PD: Actualizo para informar de que, honrando a mi pésima memoria, me olvidaba de haber escrito ya sobre el tema Halloween anteriormente. Vean aquí

Cambios

29 December, 2007

Recuerdo que antes yo era capaz de tirarme días encerrado en casa, sin siquiera ganas de salir. De tirarme toda una tarde a leer, o a escuchar música, o a chatear, o a hacer mil cosas, y no tener ningún problema.

¿Entonces por qué ahora, por una sola tarde metido en casa, me siento como si estuviera perdiendo el tiempo aquí metido?

Blind Guardian

3 December, 2007

Blind Guardian. Un grupo con el que mantengo una relación de amor - obsesión, porque odio no les puedo llegar a tener.

Les conocí hará ya unos nueve años, (verano del 98) de pura casualidad. Tenía yo por aquel entonces una colección de CDs bastante enana, por no decir inexistente: creo que estaba el primer cd de Aqua, ahí solito en una miniestantería. Había ganas de ampliar la colección (os recuerdo que estamos hablando de una época en la que la descarga p2p era algo casi desconocido aquí abajo: ¿se acuerda alguien de las tarifas semiplanas a 56k?), y decidí pasarme por la tienda de música más conocida por aquella época, Sevilla Rock, ya desaparecida.

Blind Guardian

Después de un pequeño paseo, mi mirada se posó en un CD en concreto: Battalions of fear. La portada me resultaba atrayente, dos monjes jugando al ajedrez con bárbaros tipo Conan a modo de piezas. Lo cogí, intrigado, y vi la lista de canciones. No las conocía, por supuesto, pero se me quedó la mirada fija en las últimas dos: Gandalf’s rebirth y By the gates of Moria. Yo, en esos tiempos, era bastante más friki del Señor de los Anillos que ahora, así que sin pensarlo dos veces me fui a la caja, ojo, pensando que al tener canciones con esos títulos aquello tenía que ser mínimo new age.

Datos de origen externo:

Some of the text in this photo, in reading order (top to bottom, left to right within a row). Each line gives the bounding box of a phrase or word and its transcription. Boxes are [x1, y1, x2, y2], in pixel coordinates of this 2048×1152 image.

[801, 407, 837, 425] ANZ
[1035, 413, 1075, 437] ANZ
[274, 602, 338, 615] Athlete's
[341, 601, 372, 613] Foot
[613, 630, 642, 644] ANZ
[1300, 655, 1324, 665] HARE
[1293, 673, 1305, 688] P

Si no recuerdo mal, me costó 1395 pelas, unos 8 euros y medio. Cuando puse el disco en el equipo de mi hermano - yo tenía un pentium a 133mhz sin cd ni tarjeta de sonido ni mierdas de esas -, mi primera reacción fue algo así como ¿qué coños es esto?.

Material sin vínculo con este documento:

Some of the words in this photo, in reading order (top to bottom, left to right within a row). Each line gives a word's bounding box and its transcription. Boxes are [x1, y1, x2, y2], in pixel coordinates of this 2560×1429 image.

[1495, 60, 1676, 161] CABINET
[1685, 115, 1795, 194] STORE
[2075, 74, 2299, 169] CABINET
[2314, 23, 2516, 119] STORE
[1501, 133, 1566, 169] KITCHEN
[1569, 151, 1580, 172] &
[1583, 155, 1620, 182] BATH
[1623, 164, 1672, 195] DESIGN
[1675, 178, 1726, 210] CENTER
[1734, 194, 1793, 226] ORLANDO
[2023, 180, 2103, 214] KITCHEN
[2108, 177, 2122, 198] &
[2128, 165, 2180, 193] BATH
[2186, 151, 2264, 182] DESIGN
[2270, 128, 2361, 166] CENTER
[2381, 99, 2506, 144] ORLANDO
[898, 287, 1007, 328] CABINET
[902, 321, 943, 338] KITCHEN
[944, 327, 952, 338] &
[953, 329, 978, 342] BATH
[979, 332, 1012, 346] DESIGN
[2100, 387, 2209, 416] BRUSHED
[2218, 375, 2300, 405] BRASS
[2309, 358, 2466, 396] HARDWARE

La primera canción del disco, Majesty, empieza con algo así como un soniquete de feria, y eso me dejó un poco… ¿me acabo de gastar toda mi pasta en ésto? Y de repente, aquello explotó. Puafs, nada más empezaron a sonar las guitarras, ya me enganché, pero de cabeza.

Poco a poco empecé a comprar más discos, convencido de que yo era el único que escuchaba a ese grupo, ya que en la radio no sonaban. Cuál fue mi sorpresa cuando, en un programa de Canal Sur del cual no recuerdo el nombre, los pusieron como grupo número uno del Barbarian Rock de aquel año.

Desde aquel entonces, y con algo de ayuda externa (no mucha, en un principio), empecé a engancharme a todo lo que era el heavy, aunque también hay que decir que mis primeras compras fueron casi todas dirigidas a hacerme con todos los discos de Blind Guardian, excluyendo al Leyenda de la Mancha de Mago de Oz y al Symphony of Enchanted Lands de Rhapsody.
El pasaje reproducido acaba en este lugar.